IRELAND
Irish Examiner
Wednesday, November 25, 2015
Conal Ó Fátharta’s indepth article (Irish Examiner, November 23) exposed the scandal of child mortality in Bessborough mother and baby home during the 1940s.
He showed how the state had to battle with the Roman Catholic Church to bring in reforms. Ó Fátharta demonstrated how even Bessborough’s medical officer, Dr O’Connor, tried to justify death and illness, because the children were ‘illegitimate’.
Dr James Deeny became Chief Medical Advisor of the new Department of Health in 1944. It was he who raised the storm between Church and State. He detailed visiting Bessborough in ‘To Cure and to Care’ (1989, p85’). “I… could not make out what was wrong; at last I took a notion and stripped all the babies and, unusually, for a Chief Medical Advisor, examined them. Every baby had some purulent infection of the skin and all had green diarrhoea, carefully covered up… without any legal authority I closed the place down and sacked the matron, a nun, and also got rid of the medical officer. The deaths had been going on for years. They had done nothing about it.”

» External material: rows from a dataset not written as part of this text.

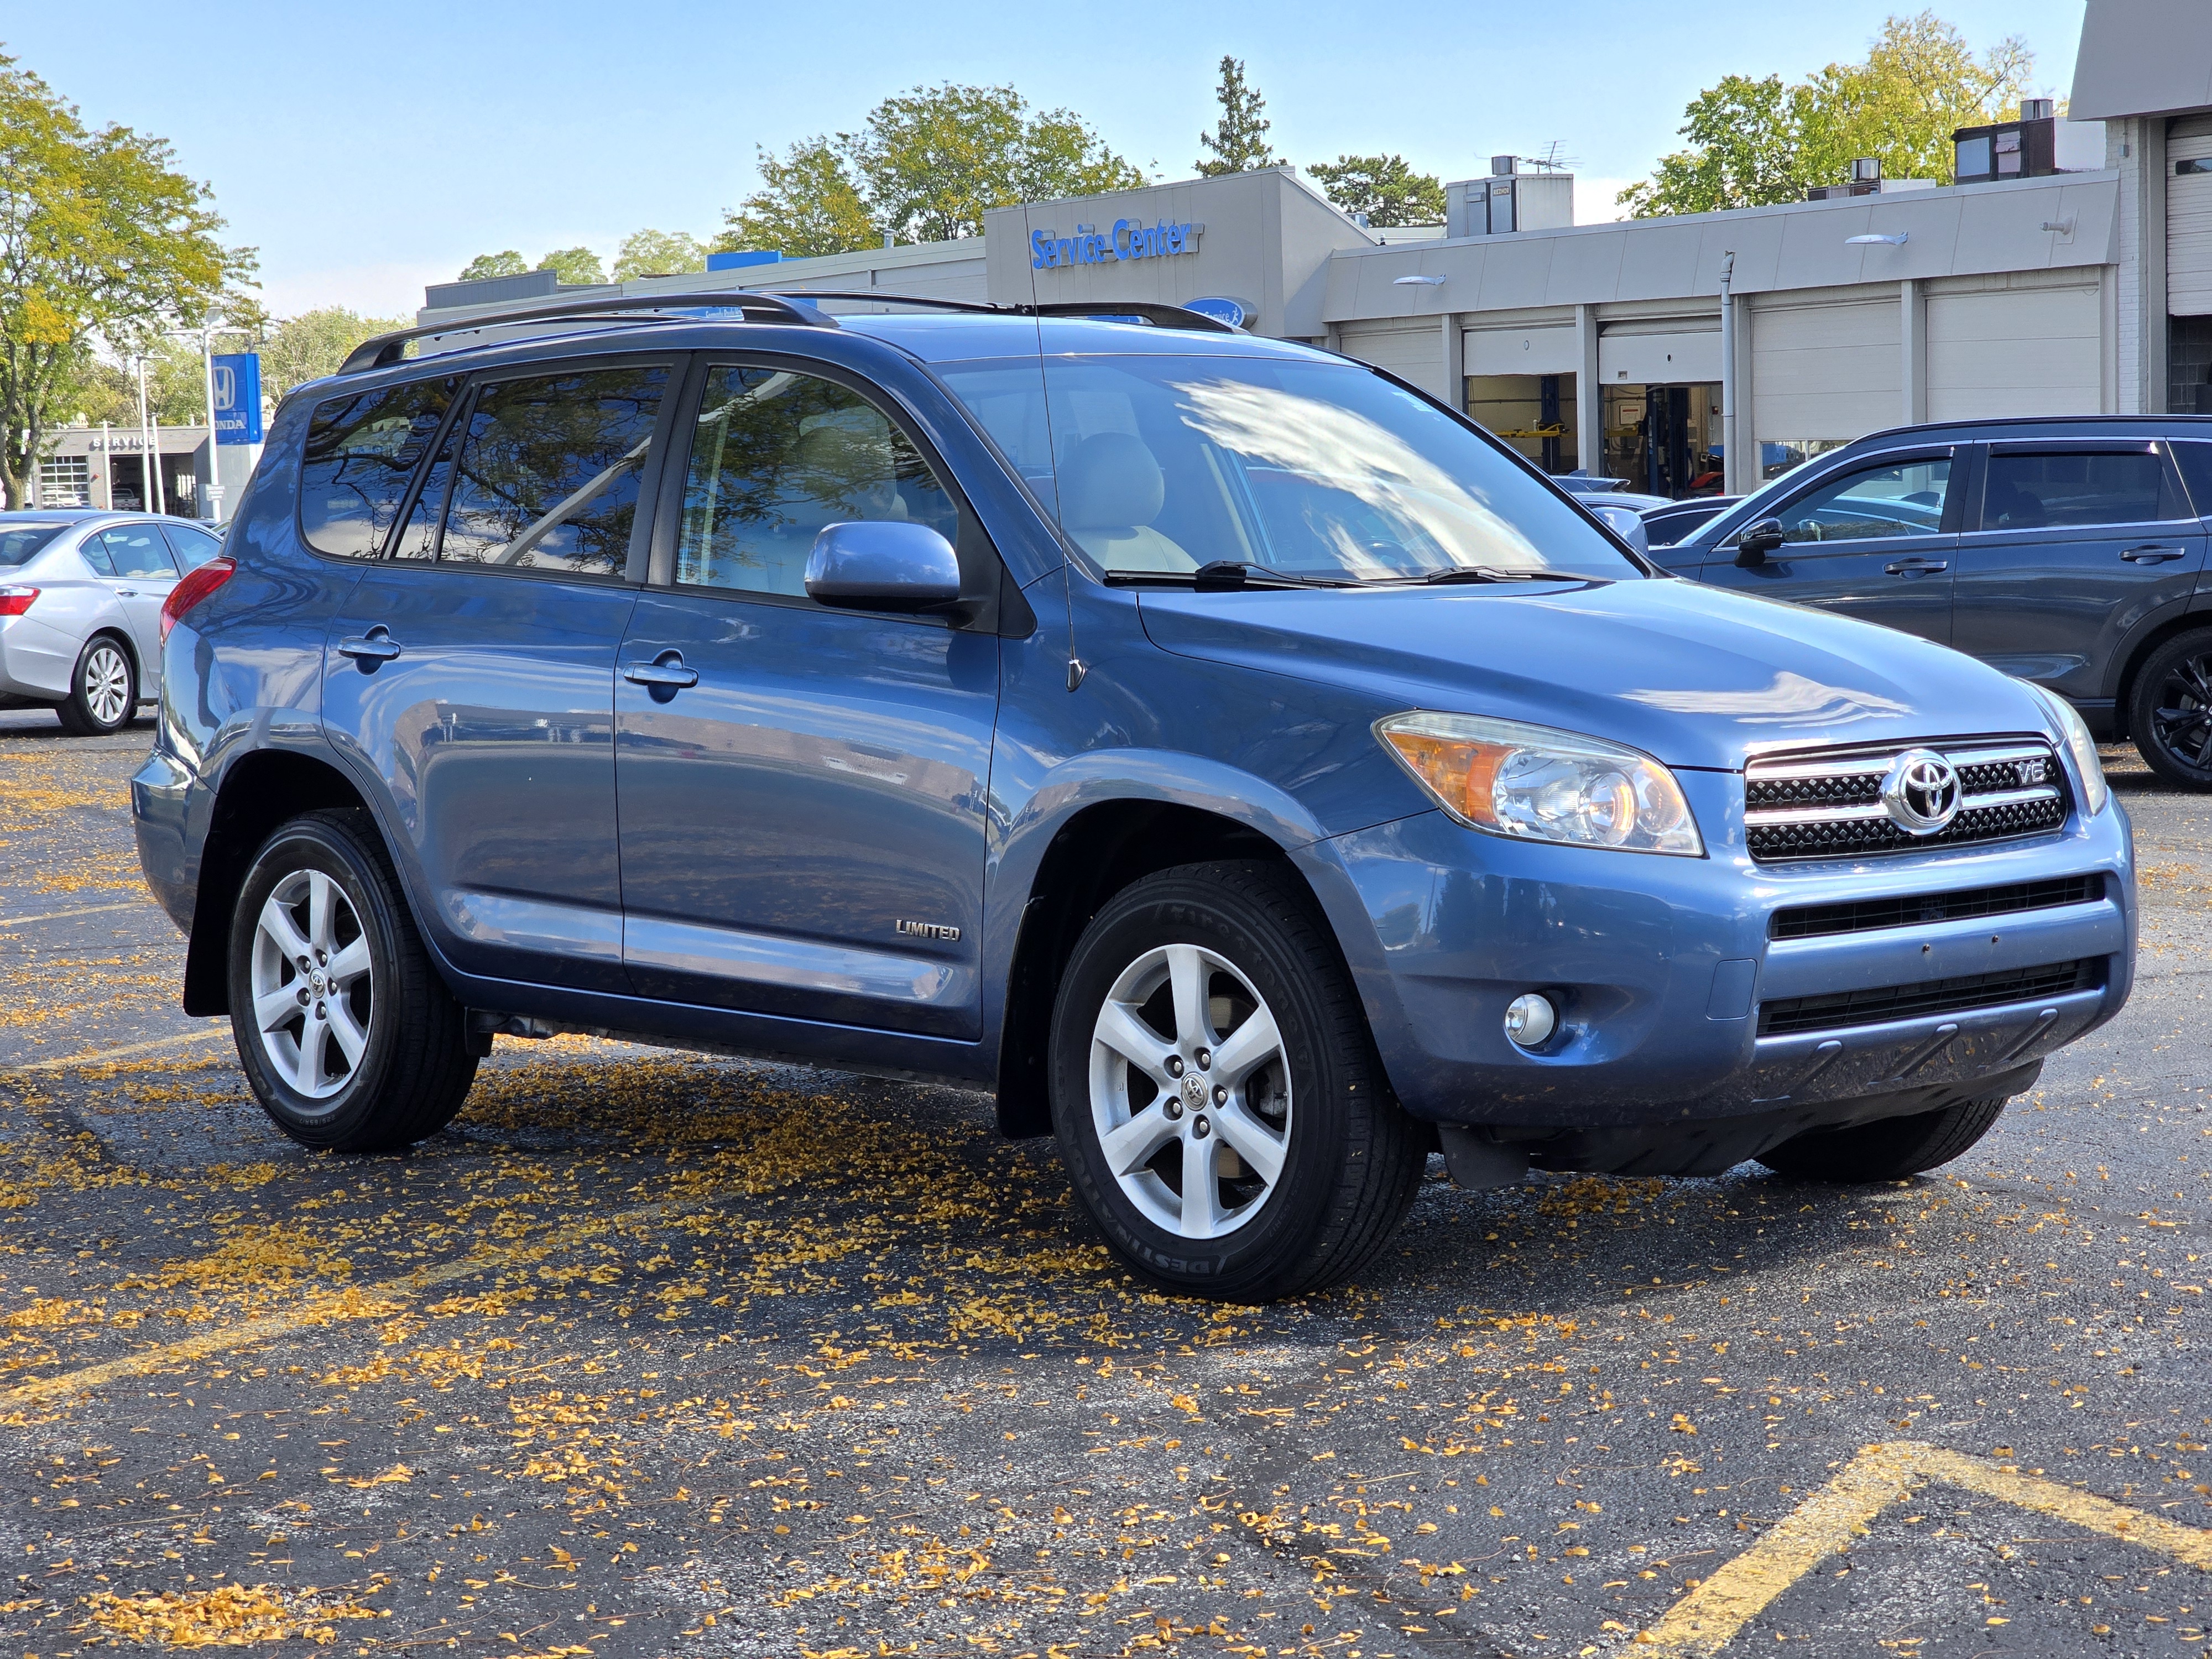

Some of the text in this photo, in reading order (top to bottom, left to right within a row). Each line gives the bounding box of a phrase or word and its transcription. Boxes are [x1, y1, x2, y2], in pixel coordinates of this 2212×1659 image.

[1031, 218, 1192, 269] Service Center
[1205, 310, 1229, 322] vice
[215, 420, 246, 430] ONDA
[93, 436, 155, 447] SRVICE
[2015, 762, 2046, 786] V6
[896, 919, 961, 942] LIMITED
[299, 1114, 336, 1125] 225/65R17
[1061, 1120, 1210, 1274] DESTINATION
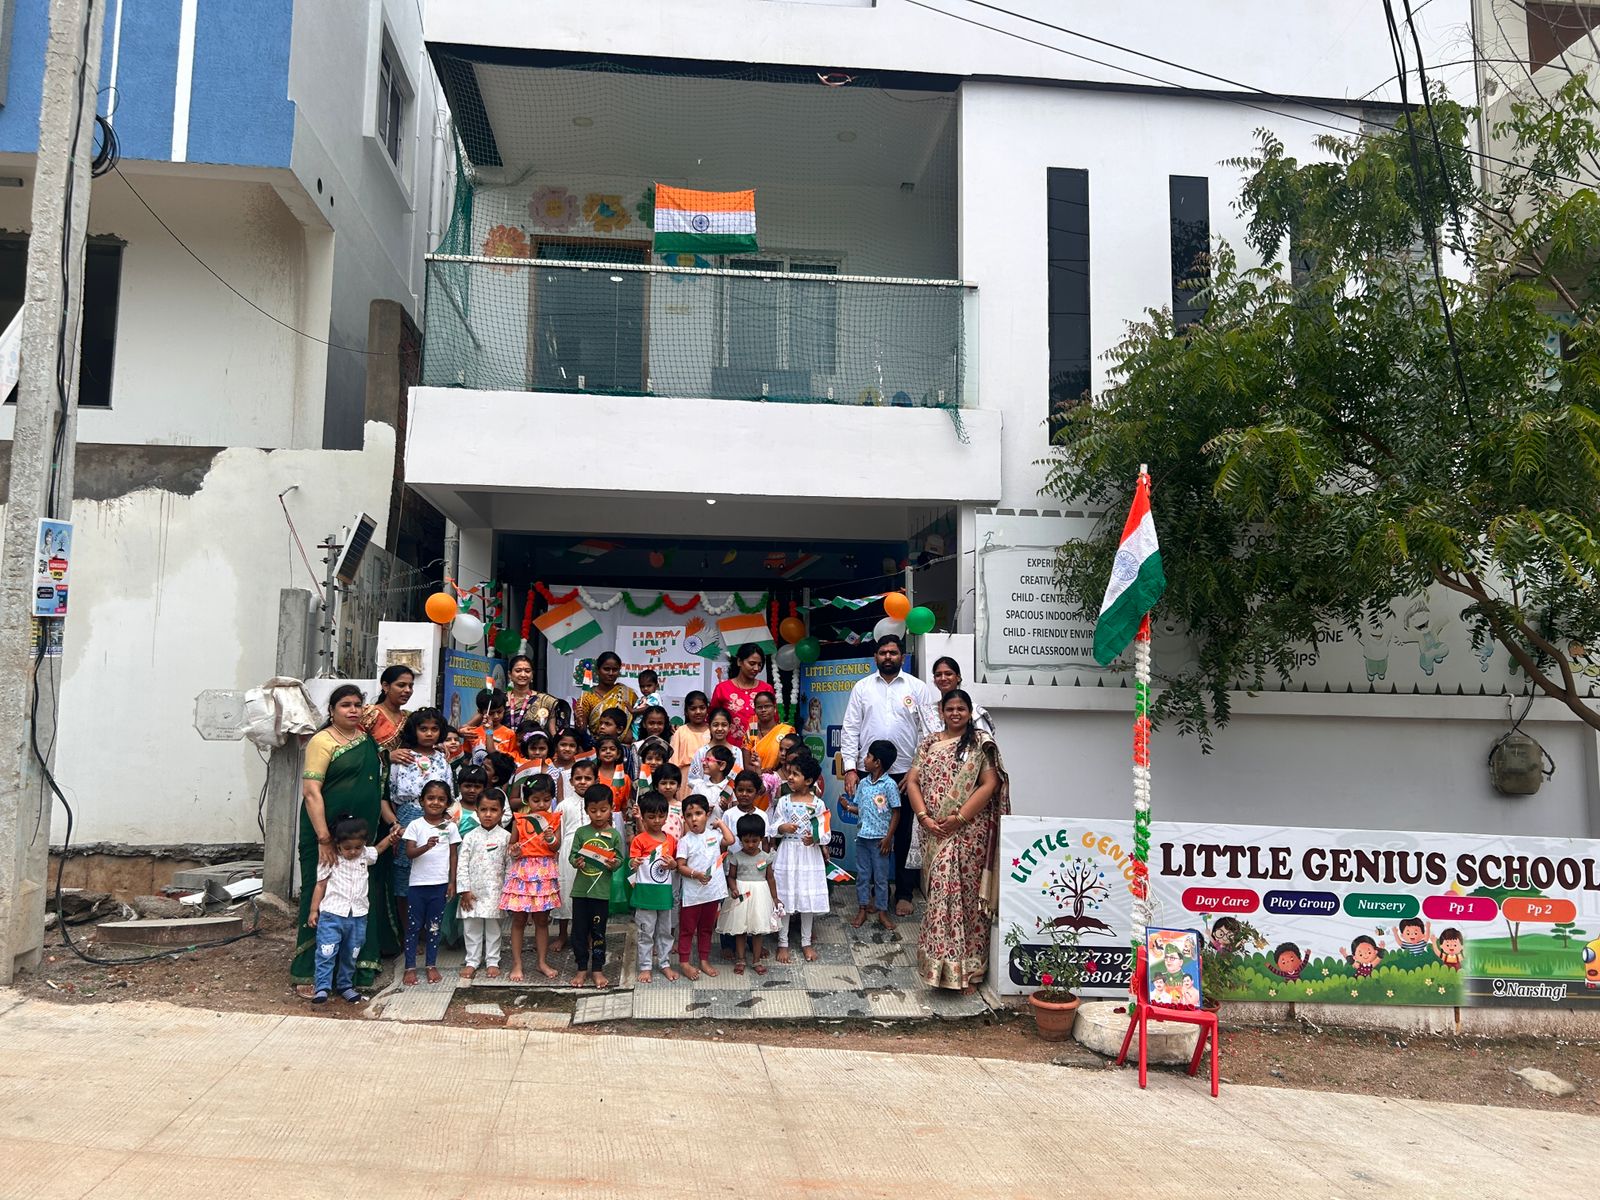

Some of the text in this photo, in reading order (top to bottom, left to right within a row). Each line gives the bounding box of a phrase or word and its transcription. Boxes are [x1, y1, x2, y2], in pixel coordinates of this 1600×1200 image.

[1027, 558, 1056, 568] EXPERI
[1020, 576, 1056, 585] CREATIVE
[1011, 593, 1034, 602] CHILD
[1006, 610, 1043, 620] SPACIOUS
[633, 630, 681, 646] HAPPY
[1003, 627, 1026, 637] CHILD
[1032, 628, 1068, 638] FRIENDLY
[1070, 629, 1094, 639] ENVIR
[1310, 630, 1344, 643] ONE
[1008, 645, 1094, 656] EACH CLASSROOM WIT
[449, 656, 490, 673] LITTLE GENIUS
[805, 663, 870, 676] LITTLE GENIUS
[454, 675, 484, 688] PRESCHOO
[811, 681, 856, 692] PRESCHOO
[1011, 829, 1136, 893] LITTLE GENIU
[1160, 842, 1600, 891] LITTLE GENIUS SCHOOL
[1195, 895, 1250, 909] Day Care
[1269, 897, 1336, 912] Play Group
[1358, 899, 1406, 912] Nursery
[1449, 902, 1474, 914] Pp 1
[1527, 903, 1552, 915] Pp 2
[1506, 982, 1567, 1001] Narsingi

I write because not so long before this, in 1939, the then Deputy Chief Medical Advisor, Dr Winslow Sterling Berry, was tasked with investigating large scale increases in death and illness in Dublin’s Protestant evangelical Bethany Home. Since outsiders had publicised removing children to hospital, Sterling Berry visited Bethany three times in 1939. Each time he covered up death and neglect.